US 12,136,197 B2
Neural network systems and methods for removing noise from signals
Michael Newey, Chelmsford, MA (US); and Prafull Sharma, Cambridge, MA (US)
Assigned to MASSACHUSETTS INSTITUTE OF TECHNOLOGY, Cambridge, MA (US)
Filed by Massachusetts Institute of Technology, Cambridge, MA (US)
Filed on Nov. 5, 2021, as Appl. No. 17/519,929.
Claims priority of provisional application 63/109,988, filed on Nov. 5, 2020.
Prior Publication US 2022/0138911 A1, May 5, 2022
Int. Cl. G06T 5/70 (2024.01); G01S 17/89 (2020.01); G06N 3/045 (2023.01); G06N 3/088 (2023.01); G06T 5/50 (2006.01)

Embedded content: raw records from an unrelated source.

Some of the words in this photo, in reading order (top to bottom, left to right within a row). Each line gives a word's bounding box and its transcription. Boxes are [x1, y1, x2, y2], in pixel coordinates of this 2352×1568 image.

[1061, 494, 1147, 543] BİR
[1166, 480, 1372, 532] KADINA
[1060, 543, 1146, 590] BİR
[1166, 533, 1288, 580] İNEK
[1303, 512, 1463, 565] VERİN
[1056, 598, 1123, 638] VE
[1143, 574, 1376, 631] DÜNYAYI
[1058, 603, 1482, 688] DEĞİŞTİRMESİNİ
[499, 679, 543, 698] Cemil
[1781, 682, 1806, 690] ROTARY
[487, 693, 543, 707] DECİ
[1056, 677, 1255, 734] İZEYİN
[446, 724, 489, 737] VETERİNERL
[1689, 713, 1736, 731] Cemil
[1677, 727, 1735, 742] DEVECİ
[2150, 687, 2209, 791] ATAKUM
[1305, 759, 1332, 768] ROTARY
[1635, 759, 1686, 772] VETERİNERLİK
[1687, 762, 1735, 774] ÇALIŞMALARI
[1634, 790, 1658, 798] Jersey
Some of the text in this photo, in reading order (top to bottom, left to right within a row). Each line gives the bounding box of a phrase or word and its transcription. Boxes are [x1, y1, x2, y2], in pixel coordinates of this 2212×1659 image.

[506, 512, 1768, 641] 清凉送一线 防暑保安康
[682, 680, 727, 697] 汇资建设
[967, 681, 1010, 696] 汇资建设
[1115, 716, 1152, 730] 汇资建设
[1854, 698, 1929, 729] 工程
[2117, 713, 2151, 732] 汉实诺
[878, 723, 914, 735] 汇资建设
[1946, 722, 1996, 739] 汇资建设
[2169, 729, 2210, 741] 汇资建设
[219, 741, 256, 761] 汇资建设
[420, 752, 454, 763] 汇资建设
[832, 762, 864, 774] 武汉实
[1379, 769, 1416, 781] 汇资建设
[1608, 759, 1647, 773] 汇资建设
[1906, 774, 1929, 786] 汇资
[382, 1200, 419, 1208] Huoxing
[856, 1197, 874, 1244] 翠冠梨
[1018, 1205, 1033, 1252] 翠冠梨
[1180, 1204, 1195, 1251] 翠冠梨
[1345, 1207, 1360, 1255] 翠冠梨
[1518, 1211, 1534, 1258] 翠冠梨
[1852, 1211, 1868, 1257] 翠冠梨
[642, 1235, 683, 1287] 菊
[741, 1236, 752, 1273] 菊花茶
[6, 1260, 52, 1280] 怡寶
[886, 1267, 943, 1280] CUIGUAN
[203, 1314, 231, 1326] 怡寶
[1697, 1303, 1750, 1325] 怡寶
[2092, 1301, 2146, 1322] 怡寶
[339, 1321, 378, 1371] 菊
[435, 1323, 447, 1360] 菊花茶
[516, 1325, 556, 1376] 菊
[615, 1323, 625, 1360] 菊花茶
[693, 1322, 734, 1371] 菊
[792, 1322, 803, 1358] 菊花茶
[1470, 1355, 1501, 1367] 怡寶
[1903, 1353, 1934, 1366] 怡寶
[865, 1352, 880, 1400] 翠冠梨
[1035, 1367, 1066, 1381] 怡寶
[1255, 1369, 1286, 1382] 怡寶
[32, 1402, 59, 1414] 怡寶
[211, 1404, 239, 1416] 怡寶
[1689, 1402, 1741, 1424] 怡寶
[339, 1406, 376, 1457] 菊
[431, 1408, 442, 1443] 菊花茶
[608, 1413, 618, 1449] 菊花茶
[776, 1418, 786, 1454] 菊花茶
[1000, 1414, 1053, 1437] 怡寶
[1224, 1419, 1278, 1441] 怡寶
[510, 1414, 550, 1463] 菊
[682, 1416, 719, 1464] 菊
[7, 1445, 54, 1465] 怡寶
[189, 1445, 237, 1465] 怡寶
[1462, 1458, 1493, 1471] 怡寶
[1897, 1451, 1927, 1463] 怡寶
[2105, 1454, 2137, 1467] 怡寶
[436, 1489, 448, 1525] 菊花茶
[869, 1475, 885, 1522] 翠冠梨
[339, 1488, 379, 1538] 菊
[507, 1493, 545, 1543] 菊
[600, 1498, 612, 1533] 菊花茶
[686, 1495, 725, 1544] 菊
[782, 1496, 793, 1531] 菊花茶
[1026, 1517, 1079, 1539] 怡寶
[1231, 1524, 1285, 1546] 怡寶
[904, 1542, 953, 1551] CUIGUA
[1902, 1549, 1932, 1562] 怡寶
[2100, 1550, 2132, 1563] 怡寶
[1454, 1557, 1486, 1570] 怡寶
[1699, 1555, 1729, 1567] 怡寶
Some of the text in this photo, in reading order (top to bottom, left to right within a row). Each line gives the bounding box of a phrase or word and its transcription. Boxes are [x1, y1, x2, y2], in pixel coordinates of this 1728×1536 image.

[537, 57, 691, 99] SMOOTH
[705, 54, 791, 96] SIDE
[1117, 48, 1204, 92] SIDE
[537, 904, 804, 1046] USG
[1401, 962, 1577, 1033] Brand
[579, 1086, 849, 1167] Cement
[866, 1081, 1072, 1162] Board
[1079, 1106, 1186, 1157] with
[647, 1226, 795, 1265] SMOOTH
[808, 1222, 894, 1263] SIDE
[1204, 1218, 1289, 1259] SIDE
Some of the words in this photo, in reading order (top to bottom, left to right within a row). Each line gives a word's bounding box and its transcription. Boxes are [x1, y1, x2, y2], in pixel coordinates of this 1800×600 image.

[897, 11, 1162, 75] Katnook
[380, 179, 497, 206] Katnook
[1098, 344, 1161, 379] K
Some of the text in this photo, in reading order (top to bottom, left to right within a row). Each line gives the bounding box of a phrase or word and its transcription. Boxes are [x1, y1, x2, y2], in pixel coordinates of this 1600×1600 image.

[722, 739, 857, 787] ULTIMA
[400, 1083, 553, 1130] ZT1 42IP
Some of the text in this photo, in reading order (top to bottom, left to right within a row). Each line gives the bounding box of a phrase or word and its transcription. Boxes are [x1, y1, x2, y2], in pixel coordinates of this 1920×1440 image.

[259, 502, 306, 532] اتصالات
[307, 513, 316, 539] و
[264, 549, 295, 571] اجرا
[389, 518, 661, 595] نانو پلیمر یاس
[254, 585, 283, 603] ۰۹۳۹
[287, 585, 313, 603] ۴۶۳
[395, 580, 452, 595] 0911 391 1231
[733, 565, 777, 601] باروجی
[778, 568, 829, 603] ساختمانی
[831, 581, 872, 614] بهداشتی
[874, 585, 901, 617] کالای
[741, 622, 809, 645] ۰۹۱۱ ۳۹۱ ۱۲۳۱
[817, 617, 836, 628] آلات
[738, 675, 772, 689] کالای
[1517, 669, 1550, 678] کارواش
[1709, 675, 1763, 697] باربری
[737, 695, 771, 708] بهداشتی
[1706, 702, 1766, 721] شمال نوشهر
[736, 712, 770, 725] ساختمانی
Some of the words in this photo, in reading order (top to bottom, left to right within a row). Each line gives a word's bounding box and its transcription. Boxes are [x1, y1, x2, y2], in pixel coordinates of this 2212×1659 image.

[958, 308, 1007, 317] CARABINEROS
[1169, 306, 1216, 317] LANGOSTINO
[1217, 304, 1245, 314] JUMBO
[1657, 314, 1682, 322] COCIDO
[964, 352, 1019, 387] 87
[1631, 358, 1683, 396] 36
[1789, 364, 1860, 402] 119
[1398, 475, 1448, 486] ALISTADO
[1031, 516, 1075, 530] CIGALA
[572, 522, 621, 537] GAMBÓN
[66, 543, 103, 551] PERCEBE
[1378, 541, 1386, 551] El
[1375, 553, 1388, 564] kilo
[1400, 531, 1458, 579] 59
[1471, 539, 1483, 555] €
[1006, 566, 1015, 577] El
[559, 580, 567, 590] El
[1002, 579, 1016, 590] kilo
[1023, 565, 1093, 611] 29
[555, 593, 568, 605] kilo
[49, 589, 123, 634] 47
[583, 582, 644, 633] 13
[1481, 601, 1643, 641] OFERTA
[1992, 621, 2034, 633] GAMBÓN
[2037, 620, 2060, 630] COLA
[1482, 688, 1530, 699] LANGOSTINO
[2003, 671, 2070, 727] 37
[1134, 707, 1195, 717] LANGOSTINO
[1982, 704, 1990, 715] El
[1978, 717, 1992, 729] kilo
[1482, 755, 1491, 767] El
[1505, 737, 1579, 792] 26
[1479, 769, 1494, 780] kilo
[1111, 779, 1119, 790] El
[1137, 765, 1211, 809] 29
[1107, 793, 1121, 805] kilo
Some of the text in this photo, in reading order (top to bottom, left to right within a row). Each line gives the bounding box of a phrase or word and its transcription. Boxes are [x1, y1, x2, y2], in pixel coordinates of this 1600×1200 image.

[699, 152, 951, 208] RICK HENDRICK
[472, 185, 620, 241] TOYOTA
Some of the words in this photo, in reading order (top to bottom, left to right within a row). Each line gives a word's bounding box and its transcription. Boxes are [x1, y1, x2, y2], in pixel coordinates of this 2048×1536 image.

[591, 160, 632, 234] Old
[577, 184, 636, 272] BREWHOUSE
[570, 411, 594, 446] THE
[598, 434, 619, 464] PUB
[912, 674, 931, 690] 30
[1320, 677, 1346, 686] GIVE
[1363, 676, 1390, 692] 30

CPC G06T 5/70 (2024.01) [G01S 17/89 (2013.01); G06N 3/045 (2023.01); G06N 3/088 (2013.01); G06T 5/50 (2013.01); G06T 2207/20081 (2013.01); G06T 2207/20084 (2013.01); G06T 2207/20224 (2013.01)] 23 Claims
OG exemplary drawing
 
1. A method for removing noise from a data signal, the method comprising:
(a) receiving a first data signal that contains noise;
(b) removing, by a neural network, the noise from the first data signal to produce a processed data signal that represents the first data signal without the noise;
(c) calculating, from the first data signal and the processed data signal, a first noise signal representing the noise from the first data signal;
(d) generating a simulated noise signal;
(e) generating a comparison value by comparing the first noise signal and the simulated noise signal, the comparison value representing a correspondence between characteristics of the first noise signal and the simulated noise signal; and
(f) training the neural network using the comparison value to improve performance of the neural network in producing the processed data signal.